Have this button table here and I need to solve a bug where you can click through the button to whatever is behind it. I've tried to solve this by adding a variable 'LET_BUTTON_SELECTED' that will be true if any button is highlighted. However, this variable only turns true if the last created and enabled button is highlighted. This demonstrates what I'm talking about: https://love2d.org/imgmirrur/Q059AYe.mp4
And here's the code that I have so far. This code all works fine with highlighting and such other than this one issue I'm having.
button = {}
function button.spawn(quad, action, activeState, x, y, w, h)
table.insert(button, {id = #button + 1, type = "button", action = action, activeState = activeState, enabled = enabled, quad = quad, quad_overlay = nil, x = x, y = y, width = w or 194, height = h or 49, highlight = false})
--Center our button according to our width, height
button[#button].x, button[#button].y = button[#button].x - (button[#button].width / 2), button[#button].y - (button[#button].height / 2)
end
function button.update(dt)
for i = 1, #button do
button.detectVisibility(button[i])
if button[i].enabled then
button.highlight(button[i])
end
end
end
function button.detectVisibility(me)
--Checks to make sure buttons are only usable/rendered when they need to be.

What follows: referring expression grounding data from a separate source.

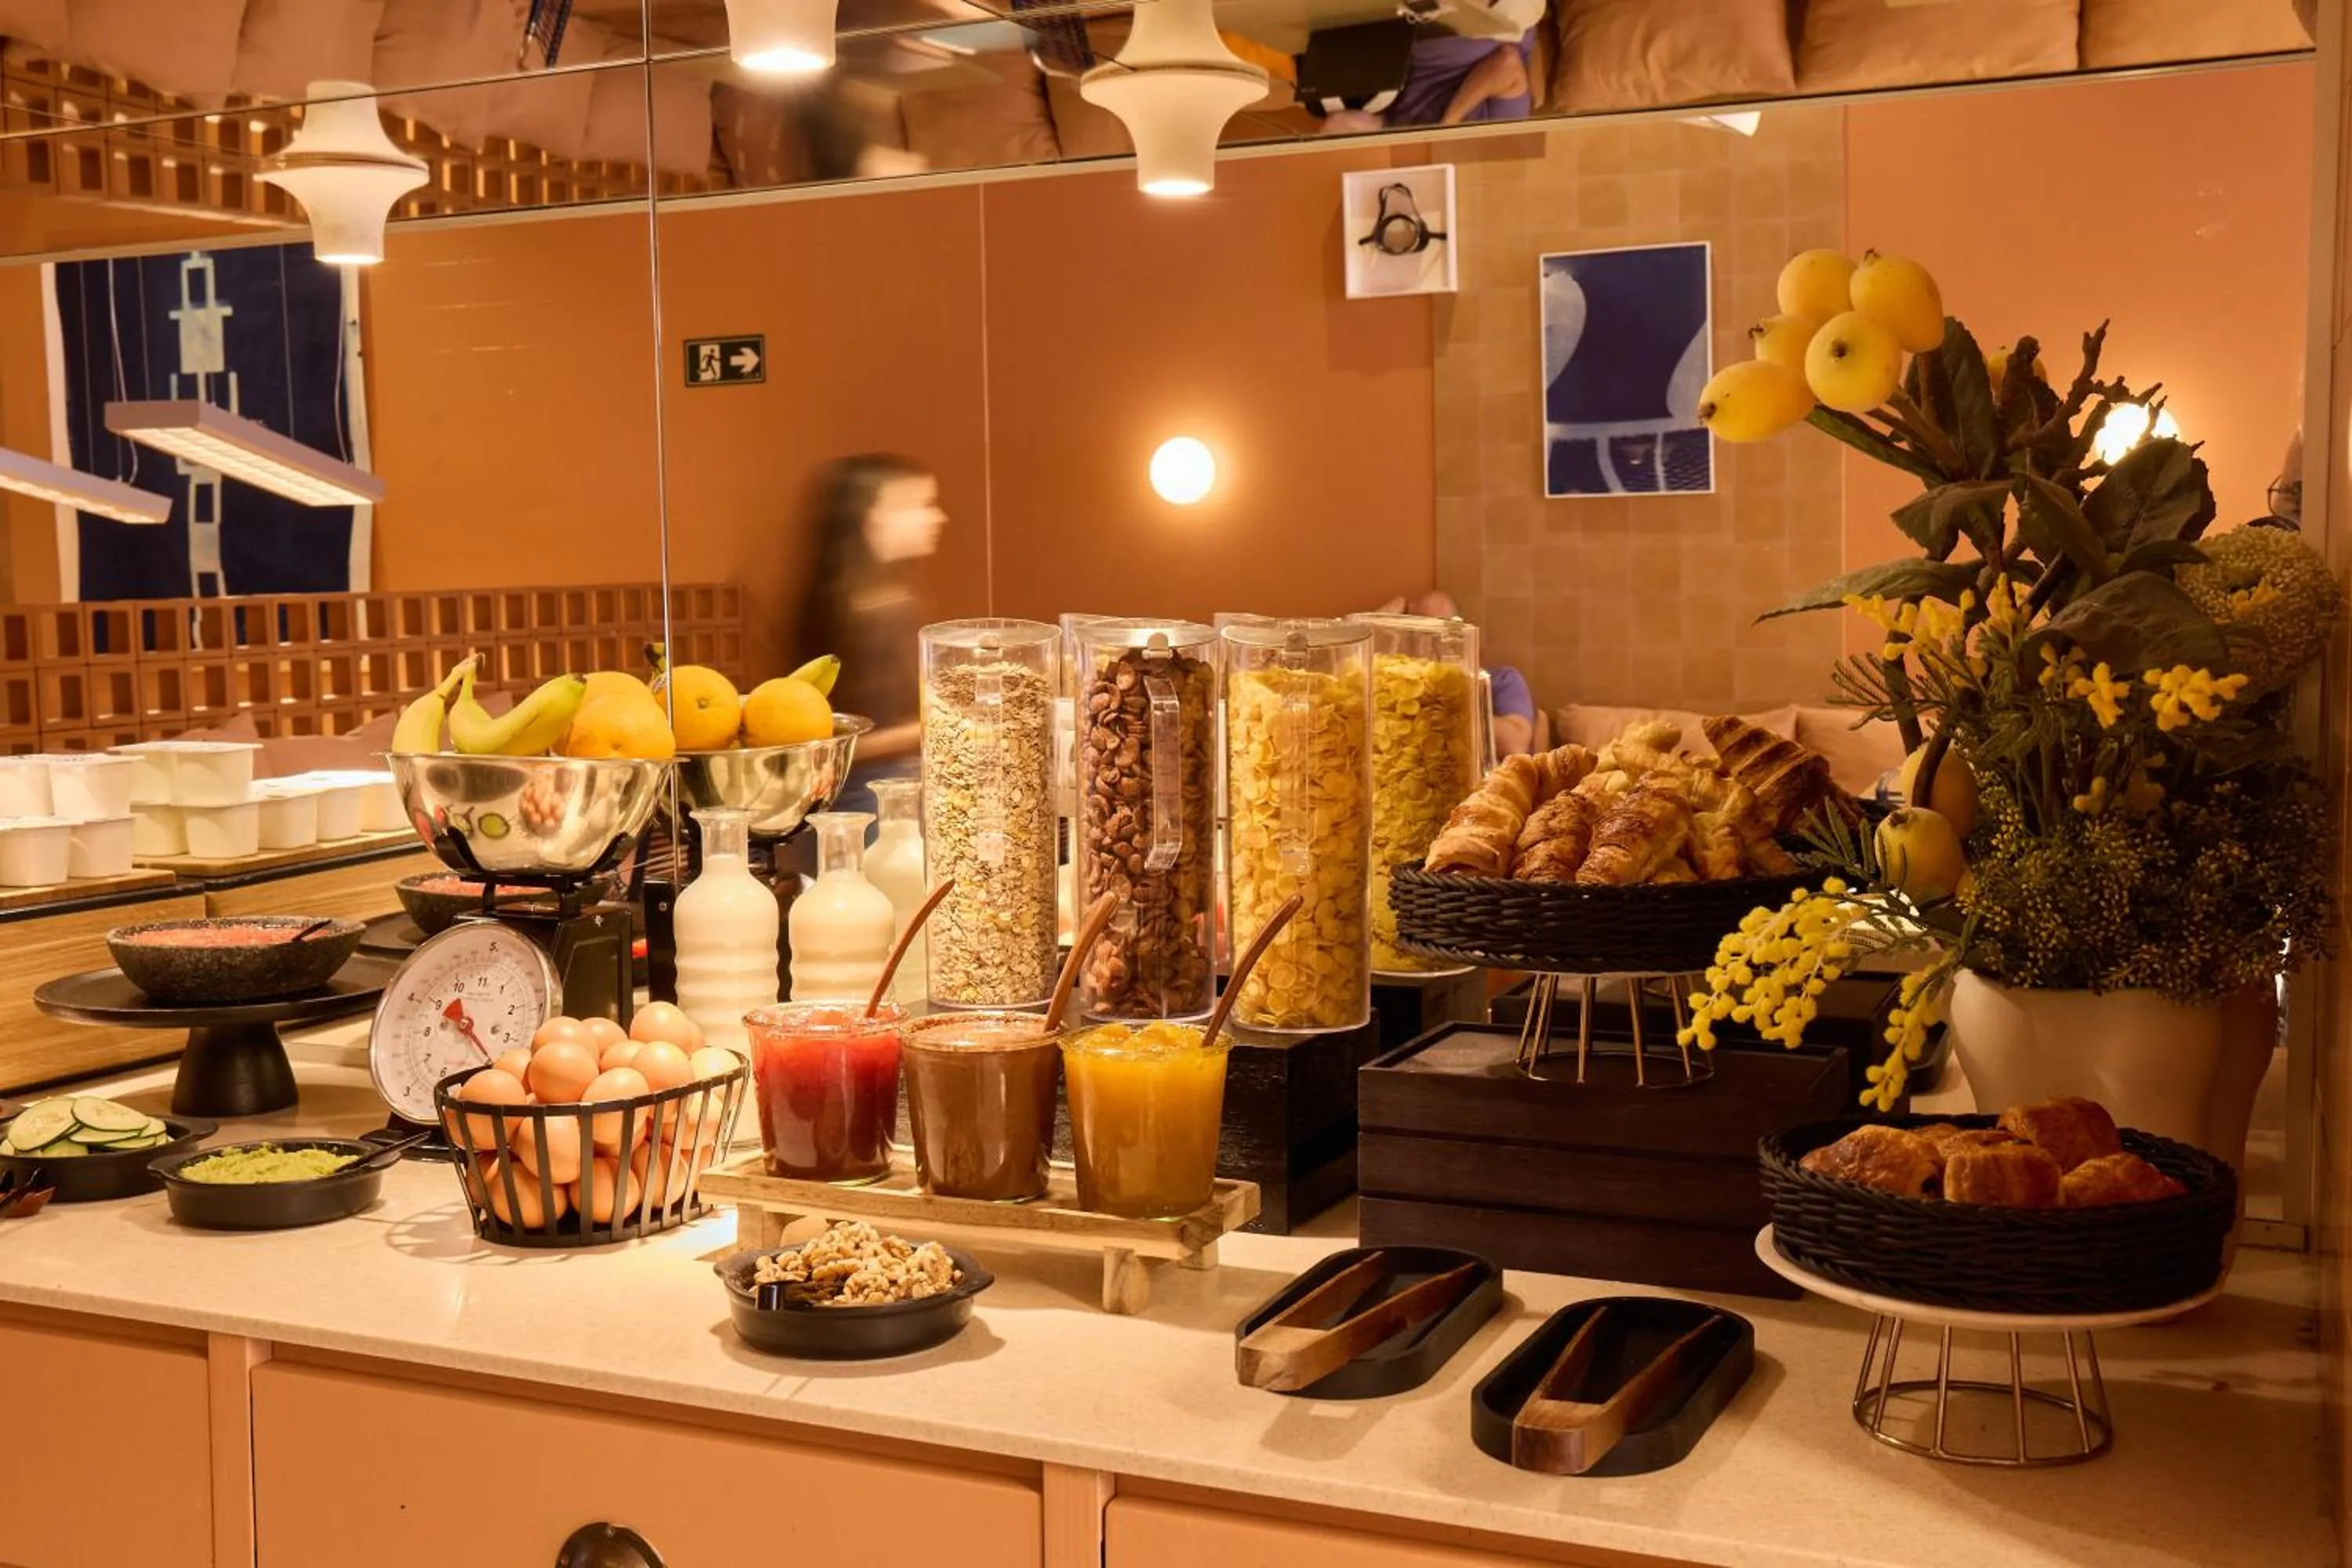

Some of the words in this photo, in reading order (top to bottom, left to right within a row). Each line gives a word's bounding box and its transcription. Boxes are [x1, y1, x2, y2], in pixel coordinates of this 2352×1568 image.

[477, 976, 488, 987] 11
[453, 982, 465, 993] 10
[499, 984, 505, 996] 1
[435, 1000, 443, 1011] 9
[507, 1004, 515, 1015] 2
[503, 1033, 510, 1044] 3
[423, 1053, 432, 1064] 7
[440, 1067, 448, 1077] 6

if (me.activeState == "pauseButton" and LET_GAME_PAUSED and LET_PANEL_FOCUS == false) or (me.activeState == LET_PANEL_OPEN and LET_GAME_PAUSED) or (me.activeState == LET_CUR_GAME_STATE and not LET_GAME_PAUSED) then
me.enabled = true
else
me.enabled = false
--if a button is selected and then it becomes disabled, this
--ensures that it is unselected
me.highlight = false
end
end
function button.highlight(me)
if mouseX >= me.x and
mouseX <= me.x + me.width and
mouseY >= me.y and
mouseY <= me.y + me.height then
me.highlight = true
else
me.highlight = false
end
--this is the var being printed to console
LET_BUTTON_SELECTED = me.highlight
end
This is because you're assigning a value to LET_BUTTON_SELECTED every time the button.highlight() function is called. As such, you're overwriting it over and over again, until you reach the last element in your buttons table. This ensures that only the last button actually matters.
I think in your code's case you could solve this simply by (1) adding a little if-statement around the assignment, or alternatively (2) return from the function if the button is not highlighted.
function button.highlight(me)
if mouseX >= me.x and
mouseX <= me.x + me.width and
mouseY >= me.y and
mouseY <= me.y + me.height then
me.highlight = true
else
me.highlight = false
-- (2) put a return statement here
end
--this is the var being printed to console
if me.highlight and not LET_BUTTON_SELECTED then -- (1) could be simplified but just illustrating the conditions
LET_BUTTON_SELECTED = me.highlight
end
end
And then you set LET_BUTTON_SELECTED to false before any button processing is done within the current frame.
Realistically though, I'd much prefer not using globals, and instead returning values from the button handling functions - and acting correspondingly on those, but that's a discussion for another time.